6.2 Categories in cancellation-policy
column
There are 3 categories in cancellation policy- strict,
moderate & flexible.
Each of this categories have roughtly 33% data-share.
#Column- Cancellation policy
#3 categories: strict, moderate, flexible
unique(data3$cancellation_policy)## [1] "strict" "moderate" "flexible" NA
#check for proportion for each
#roughly same for all 3, ~33%
cancel_policy <- data3 %>% group_by(cancellation_policy) %>%
summarise(total = n()) %>%
mutate(percent_share = round((total/nrow(data3))*100,2)) %>%
arrange(-percent_share) %>%
rename(`Cancellation Policy` = cancellation_policy,
`Total data points` = total,
`% in dataset` = percent_share
)formattable(cancel_policy,
align = c('l', 'c', 'c'),
list(
`Cancellation Policy` = formatter("span",
style = ~ style(color = "black", font.weight = "bold")
),#formatter
`Total data points` = color_tile('#FFD1DC', '#FFB6C1'),
`% in dataset` = color_tile('#FFD1DC', '#FFB6C1')
)#list
) #formattable| Cancellation Policy | Total data points | % in dataset |
|---|---|---|
| moderate | 34162 | 33.47 |
| strict | 33929 | 33.24 |
| flexible | 33891 | 33.21 |
| NA | 76 | 0.07 |
In the main dataframe data3, convert the
cancellation_policy column to factor with
3 categories.
6.3 Categories in room_type
column
4 types of rooms available in all the AirBnBs: “Private room”, “Entire home/apt”, “Shared room”, “Hotel room”
#Column- Room type
#4 cats- "Private room", "Entire home/apt", "Shared room", "Hotel room"
unique(data3$room_type)## [1] "Private room" "Entire home/apt" "Shared room" "Hotel room"

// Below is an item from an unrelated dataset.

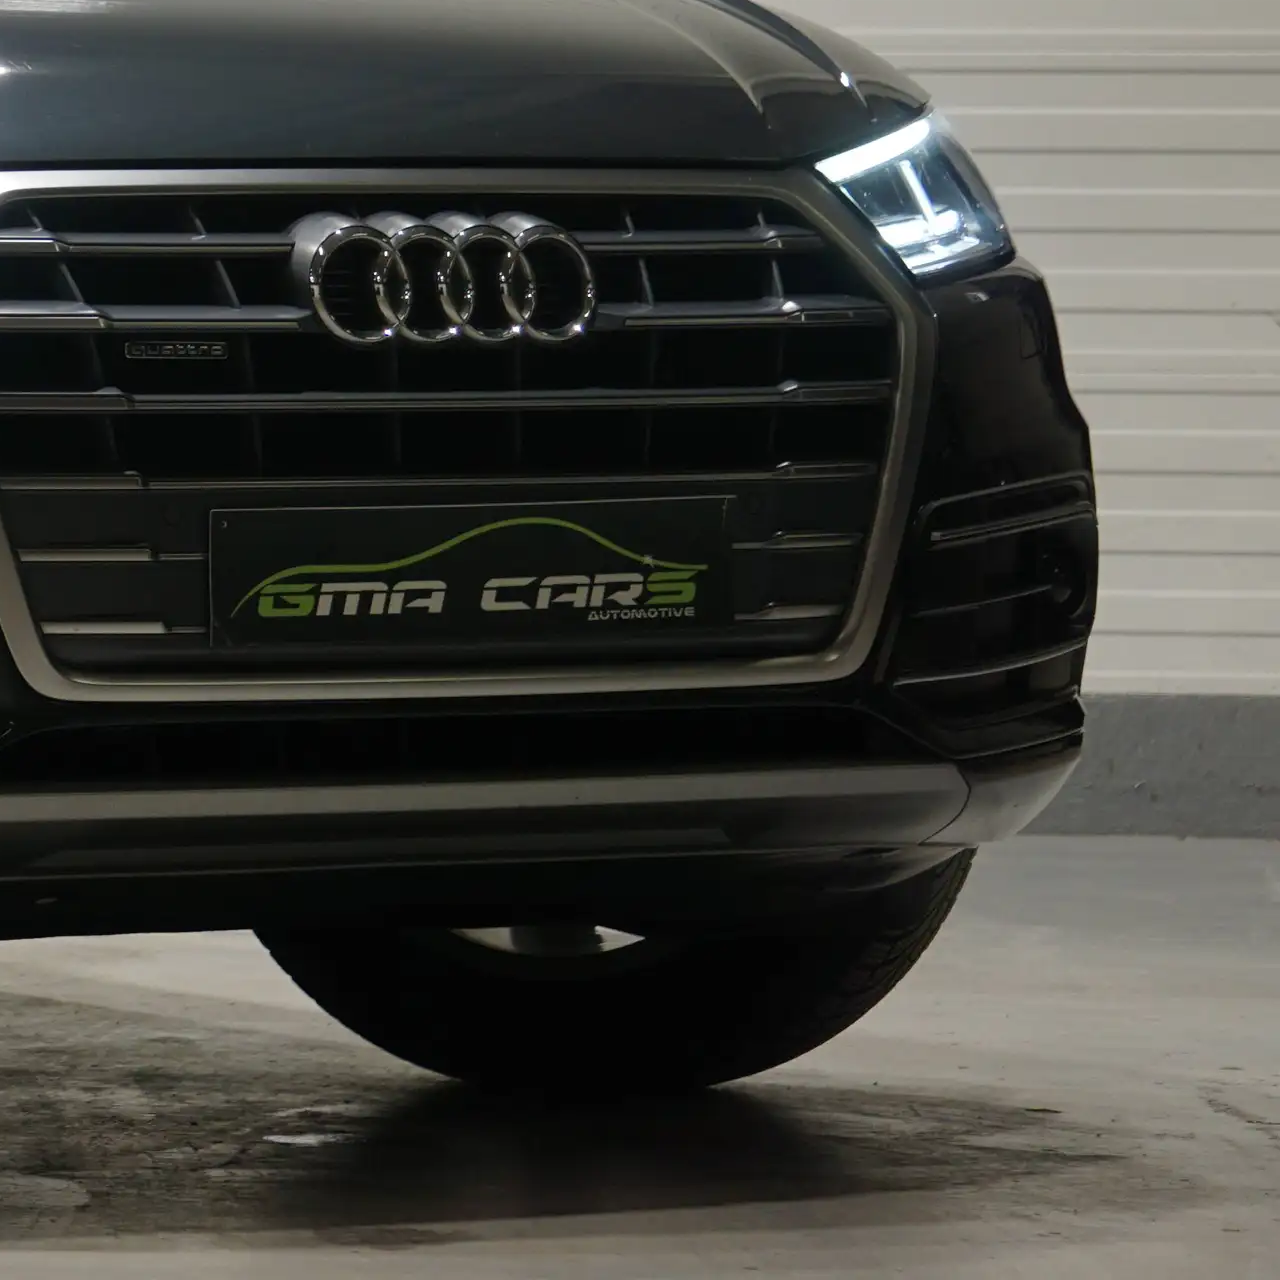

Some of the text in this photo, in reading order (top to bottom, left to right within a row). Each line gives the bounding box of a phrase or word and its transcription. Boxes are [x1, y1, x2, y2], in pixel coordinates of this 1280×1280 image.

[257, 569, 700, 618] GMA CARS
[587, 606, 696, 621] AUTOMOTIVE
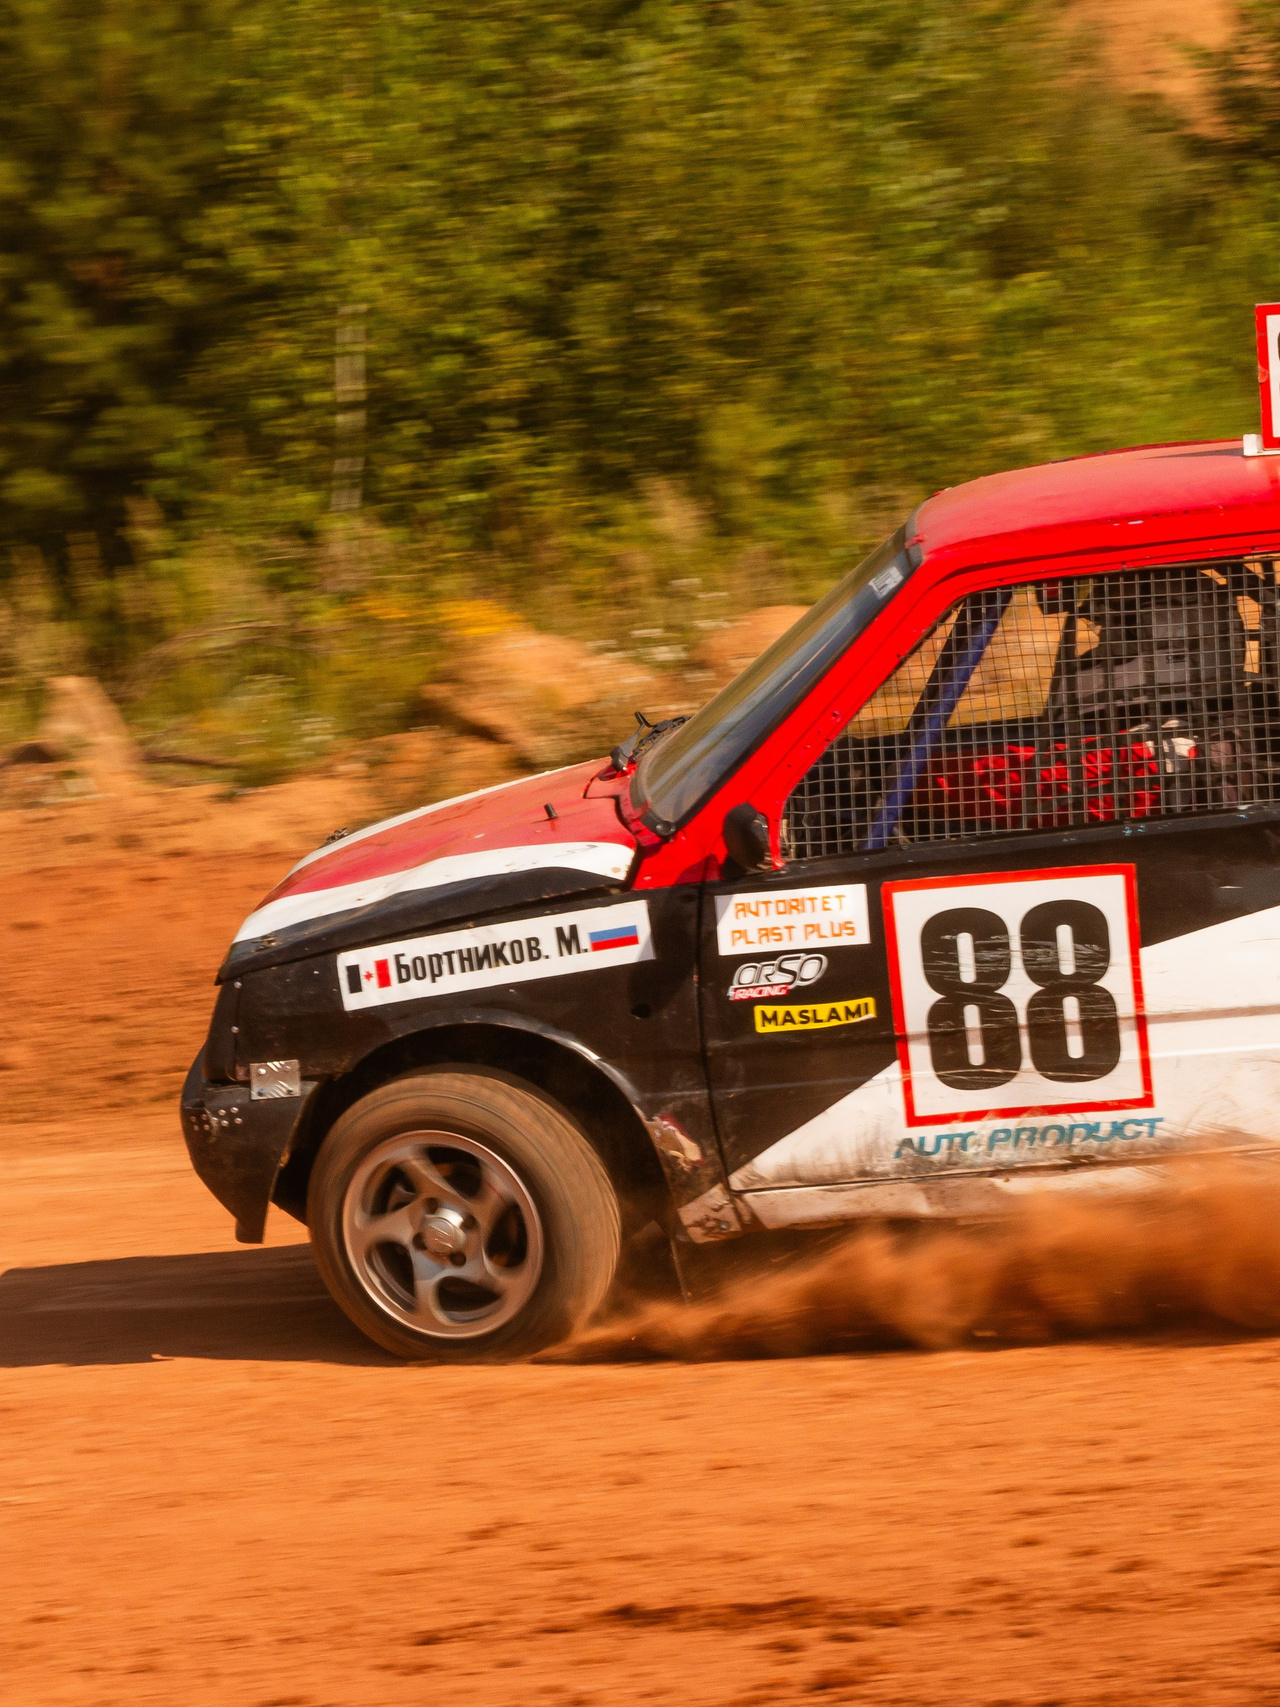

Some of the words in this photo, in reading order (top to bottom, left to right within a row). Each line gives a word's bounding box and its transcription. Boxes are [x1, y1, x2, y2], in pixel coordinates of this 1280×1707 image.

#Most listings are either Entire home/apt OR private room
type_of_room <- data3 %>% group_by(room_type) %>%
summarize(total = n()) %>%
mutate(percent_share = round((total/nrow(data3))*100,2)) %>%
arrange(-percent_share) %>%
rename(`Type of Room` = room_type,
`Total Rows` = total,
`% in dataset` = percent_share
)formattable(type_of_room,
align = c('l', 'c', 'c'),
list(
`Type of Room` = formatter("span",
style = ~ style(color = "black", font.weight = "bold")
),#formatter
`Total Rows` = color_tile('#FFD1DC', '#FFB6C1'),
`% in dataset` = color_tile('#FFD1DC', '#FFB6C1')
)#list
) #formattable| Type of Room | Total Rows | % in dataset |
|---|---|---|
| Entire home/apt | 53429 | 52.35 |
| Private room | 46306 | 45.37 |
| Shared room | 2208 | 2.16 |
| Hotel room | 115 | 0.11 |
In the main dataframe data3, convert this
room_type column to factor with 4
categories.
7. Clean house_rules column
- First, we check for presence of HTML tags; remove them if
present.
- Then, we remove unnecessary symbols which will not contribute to understanding most common house rules.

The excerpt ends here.